Could you restate exactly the lines that begin at the line with "this 1280×1706 image." and end at the final line of the data?

Provided material ::
# # # # # # #

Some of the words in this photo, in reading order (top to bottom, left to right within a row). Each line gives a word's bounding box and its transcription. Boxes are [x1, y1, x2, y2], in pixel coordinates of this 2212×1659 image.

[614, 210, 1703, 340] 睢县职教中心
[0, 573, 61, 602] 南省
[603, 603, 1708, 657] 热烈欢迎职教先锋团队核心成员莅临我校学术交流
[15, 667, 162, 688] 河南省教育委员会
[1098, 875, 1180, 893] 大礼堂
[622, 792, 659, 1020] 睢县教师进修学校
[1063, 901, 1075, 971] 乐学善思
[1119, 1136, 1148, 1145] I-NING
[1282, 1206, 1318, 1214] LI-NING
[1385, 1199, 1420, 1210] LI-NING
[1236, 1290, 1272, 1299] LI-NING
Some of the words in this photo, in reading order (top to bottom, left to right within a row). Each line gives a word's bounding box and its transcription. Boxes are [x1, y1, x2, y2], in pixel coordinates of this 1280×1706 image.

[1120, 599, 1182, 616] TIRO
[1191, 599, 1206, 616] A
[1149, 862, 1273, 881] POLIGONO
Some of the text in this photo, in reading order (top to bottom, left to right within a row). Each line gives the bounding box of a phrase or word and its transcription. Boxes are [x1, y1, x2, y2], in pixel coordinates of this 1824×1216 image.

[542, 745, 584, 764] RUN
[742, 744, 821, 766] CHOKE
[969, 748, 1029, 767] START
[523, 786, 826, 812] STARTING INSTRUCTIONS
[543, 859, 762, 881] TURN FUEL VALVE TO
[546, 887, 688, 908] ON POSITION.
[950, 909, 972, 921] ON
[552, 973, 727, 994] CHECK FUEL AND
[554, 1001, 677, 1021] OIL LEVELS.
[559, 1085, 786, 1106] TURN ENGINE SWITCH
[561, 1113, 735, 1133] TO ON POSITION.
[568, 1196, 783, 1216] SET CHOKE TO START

# # # # # # #

Output for this task ::
Some of the words in this photo, in reading order (top to bottom, left to right within a row). Each line gives a word's bounding box and its transcription. Boxes are [x1, y1, x2, y2], in pixel coordinates of this 1280×1706 image.

[1120, 599, 1182, 616] TIRO
[1191, 599, 1206, 616] A
[1149, 862, 1273, 881] POLIGONO
Some of the text in this photo, in reading order (top to bottom, left to right within a row). Each line gives the bounding box of a phrase or word and its transcription. Boxes are [x1, y1, x2, y2], in pixel coordinates of this 1824×1216 image.

[542, 745, 584, 764] RUN
[742, 744, 821, 766] CHOKE
[969, 748, 1029, 767] START
[523, 786, 826, 812] STARTING INSTRUCTIONS
[543, 859, 762, 881] TURN FUEL VALVE TO
[546, 887, 688, 908] ON POSITION.
[950, 909, 972, 921] ON
[552, 973, 727, 994] CHECK FUEL AND
[554, 1001, 677, 1021] OIL LEVELS.
[559, 1085, 786, 1106] TURN ENGINE SWITCH
[561, 1113, 735, 1133] TO ON POSITION.
[568, 1196, 783, 1216] SET CHOKE TO START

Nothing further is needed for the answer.